*** Provided records ***
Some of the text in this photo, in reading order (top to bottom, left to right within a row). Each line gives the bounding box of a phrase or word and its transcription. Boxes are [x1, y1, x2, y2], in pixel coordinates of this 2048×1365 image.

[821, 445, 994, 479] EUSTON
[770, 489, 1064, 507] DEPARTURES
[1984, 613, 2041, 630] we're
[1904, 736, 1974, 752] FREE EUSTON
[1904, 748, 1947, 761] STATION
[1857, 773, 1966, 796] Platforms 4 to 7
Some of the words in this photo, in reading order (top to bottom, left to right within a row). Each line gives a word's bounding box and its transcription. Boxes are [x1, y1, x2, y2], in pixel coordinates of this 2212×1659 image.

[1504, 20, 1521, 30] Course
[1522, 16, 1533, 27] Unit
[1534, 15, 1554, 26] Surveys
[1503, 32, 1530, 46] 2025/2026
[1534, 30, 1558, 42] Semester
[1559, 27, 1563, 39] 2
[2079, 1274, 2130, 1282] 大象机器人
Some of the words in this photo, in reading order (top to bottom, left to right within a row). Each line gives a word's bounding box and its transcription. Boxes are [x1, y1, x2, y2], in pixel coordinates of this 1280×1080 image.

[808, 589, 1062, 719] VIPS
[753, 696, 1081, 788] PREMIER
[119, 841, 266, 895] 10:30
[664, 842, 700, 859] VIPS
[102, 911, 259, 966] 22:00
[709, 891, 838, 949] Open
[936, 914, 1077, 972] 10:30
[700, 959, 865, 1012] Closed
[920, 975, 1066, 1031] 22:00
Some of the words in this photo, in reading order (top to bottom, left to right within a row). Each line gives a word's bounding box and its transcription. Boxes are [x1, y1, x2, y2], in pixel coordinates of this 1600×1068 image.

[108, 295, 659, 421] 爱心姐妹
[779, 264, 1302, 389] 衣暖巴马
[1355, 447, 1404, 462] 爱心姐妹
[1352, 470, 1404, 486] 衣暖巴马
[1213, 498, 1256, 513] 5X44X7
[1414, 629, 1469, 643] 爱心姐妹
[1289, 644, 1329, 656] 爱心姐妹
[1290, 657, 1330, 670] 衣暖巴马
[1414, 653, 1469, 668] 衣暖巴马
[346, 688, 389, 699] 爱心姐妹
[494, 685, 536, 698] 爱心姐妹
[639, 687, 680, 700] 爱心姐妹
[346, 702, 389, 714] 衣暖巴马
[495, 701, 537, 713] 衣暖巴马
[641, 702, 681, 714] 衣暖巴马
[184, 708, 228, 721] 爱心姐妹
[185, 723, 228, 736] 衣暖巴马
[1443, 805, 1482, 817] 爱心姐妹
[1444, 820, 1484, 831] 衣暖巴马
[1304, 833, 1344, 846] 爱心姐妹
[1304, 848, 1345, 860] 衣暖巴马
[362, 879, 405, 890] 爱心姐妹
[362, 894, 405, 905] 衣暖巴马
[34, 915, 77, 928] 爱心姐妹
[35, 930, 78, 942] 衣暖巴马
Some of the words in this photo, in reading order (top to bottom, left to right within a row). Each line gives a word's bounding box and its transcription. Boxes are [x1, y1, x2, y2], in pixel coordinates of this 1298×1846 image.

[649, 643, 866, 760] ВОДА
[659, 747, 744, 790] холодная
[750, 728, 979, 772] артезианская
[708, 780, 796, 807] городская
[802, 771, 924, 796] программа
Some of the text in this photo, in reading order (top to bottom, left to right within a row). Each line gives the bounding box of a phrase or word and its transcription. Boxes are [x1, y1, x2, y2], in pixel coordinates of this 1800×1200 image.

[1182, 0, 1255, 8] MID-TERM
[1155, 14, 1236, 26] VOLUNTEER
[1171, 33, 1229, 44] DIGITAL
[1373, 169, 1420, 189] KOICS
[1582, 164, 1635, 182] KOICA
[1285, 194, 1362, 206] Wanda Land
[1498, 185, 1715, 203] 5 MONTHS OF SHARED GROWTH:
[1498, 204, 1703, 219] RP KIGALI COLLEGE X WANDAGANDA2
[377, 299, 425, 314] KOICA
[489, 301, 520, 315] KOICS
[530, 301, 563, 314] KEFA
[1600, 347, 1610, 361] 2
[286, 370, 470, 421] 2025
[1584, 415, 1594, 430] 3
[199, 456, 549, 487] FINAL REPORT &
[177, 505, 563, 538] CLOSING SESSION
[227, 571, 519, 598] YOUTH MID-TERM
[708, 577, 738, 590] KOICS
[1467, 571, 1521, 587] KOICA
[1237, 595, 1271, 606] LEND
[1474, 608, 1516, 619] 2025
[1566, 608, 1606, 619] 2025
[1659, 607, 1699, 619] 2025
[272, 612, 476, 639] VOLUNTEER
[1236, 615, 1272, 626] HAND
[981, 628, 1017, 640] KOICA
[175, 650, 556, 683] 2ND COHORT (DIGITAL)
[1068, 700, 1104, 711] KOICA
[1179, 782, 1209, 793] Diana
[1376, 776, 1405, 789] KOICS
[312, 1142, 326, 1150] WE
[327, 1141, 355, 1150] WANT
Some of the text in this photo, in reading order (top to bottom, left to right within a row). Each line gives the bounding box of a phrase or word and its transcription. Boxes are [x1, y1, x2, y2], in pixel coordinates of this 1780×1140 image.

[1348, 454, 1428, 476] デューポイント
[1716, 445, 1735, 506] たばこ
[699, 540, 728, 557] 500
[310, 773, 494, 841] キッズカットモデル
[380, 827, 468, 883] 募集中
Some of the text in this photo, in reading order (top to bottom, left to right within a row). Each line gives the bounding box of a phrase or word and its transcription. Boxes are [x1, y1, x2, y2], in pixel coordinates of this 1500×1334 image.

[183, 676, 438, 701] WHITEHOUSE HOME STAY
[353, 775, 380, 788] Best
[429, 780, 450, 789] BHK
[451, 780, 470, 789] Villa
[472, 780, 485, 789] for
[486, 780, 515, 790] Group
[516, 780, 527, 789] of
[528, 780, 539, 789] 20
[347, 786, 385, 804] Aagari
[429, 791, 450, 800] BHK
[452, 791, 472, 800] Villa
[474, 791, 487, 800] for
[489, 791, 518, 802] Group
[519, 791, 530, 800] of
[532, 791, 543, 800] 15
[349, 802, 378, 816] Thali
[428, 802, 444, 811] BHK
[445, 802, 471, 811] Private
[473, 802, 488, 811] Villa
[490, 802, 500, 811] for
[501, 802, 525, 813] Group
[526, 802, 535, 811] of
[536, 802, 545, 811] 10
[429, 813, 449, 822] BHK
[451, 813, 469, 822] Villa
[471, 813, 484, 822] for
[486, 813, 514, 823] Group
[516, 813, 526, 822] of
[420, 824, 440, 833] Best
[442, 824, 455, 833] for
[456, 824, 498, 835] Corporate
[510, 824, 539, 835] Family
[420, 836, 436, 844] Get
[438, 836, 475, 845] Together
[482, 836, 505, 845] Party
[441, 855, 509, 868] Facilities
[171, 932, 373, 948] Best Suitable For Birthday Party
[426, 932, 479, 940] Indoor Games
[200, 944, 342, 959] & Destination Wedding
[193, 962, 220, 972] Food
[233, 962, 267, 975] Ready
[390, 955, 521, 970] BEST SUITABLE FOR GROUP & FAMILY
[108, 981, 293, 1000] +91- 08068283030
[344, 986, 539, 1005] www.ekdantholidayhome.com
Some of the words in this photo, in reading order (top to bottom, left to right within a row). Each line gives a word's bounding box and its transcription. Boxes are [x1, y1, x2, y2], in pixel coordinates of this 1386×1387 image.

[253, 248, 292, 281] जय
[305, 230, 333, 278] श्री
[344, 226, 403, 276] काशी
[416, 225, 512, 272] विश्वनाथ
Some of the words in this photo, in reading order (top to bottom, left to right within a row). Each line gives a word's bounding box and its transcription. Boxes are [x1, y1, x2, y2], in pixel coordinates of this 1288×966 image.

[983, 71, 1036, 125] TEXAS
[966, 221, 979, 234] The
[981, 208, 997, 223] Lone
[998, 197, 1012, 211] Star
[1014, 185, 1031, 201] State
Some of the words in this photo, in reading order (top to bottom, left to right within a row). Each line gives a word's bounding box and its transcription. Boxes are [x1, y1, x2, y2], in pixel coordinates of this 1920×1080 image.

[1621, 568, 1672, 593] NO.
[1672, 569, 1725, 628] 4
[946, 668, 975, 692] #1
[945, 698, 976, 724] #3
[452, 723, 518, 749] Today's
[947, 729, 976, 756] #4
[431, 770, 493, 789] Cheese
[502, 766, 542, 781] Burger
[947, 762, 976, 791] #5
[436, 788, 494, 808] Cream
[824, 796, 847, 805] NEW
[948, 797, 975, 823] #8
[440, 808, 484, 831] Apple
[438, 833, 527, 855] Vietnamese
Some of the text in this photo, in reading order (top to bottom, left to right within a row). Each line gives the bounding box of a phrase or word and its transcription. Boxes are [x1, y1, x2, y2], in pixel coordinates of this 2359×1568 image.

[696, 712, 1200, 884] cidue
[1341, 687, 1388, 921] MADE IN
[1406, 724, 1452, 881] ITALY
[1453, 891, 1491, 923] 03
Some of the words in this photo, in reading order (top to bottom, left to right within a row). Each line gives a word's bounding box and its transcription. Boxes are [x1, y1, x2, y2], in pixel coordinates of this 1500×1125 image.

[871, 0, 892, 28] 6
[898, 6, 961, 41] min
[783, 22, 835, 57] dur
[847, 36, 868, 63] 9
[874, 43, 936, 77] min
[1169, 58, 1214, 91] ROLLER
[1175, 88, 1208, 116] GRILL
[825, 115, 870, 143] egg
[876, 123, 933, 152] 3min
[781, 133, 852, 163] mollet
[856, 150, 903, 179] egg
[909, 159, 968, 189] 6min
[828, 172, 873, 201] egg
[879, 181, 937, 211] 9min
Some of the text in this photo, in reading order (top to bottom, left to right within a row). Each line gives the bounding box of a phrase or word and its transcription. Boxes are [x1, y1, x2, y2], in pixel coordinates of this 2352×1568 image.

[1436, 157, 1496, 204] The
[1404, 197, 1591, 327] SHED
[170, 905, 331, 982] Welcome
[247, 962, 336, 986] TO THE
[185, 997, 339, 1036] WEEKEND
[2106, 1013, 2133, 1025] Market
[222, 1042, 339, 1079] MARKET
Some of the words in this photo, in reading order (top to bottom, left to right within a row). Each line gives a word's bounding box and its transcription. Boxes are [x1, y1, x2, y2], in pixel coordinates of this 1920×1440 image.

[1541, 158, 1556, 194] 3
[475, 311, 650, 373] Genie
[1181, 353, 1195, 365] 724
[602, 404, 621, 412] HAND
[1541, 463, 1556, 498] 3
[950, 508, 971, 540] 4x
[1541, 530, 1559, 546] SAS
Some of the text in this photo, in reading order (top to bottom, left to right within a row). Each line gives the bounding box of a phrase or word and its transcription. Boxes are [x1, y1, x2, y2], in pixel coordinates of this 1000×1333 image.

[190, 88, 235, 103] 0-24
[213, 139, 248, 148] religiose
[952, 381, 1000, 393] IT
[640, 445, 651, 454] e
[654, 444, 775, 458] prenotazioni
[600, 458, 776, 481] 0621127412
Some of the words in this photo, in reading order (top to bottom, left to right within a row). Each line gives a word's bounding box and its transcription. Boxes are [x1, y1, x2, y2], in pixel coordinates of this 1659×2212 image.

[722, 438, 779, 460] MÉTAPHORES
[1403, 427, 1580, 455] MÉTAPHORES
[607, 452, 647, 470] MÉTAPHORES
*** End of Provided records ***
Problem description: Find the line that contains "this 1659×2212 image.". Restate it and all lines after it exactly, ending with the final line of the data.

Task output:
Some of the words in this photo, in reading order (top to bottom, left to right within a row). Each line gives a word's bounding box and its transcription. Boxes are [x1, y1, x2, y2], in pixel coordinates of this 1659×2212 image.

[722, 438, 779, 460] MÉTAPHORES
[1403, 427, 1580, 455] MÉTAPHORES
[607, 452, 647, 470] MÉTAPHORES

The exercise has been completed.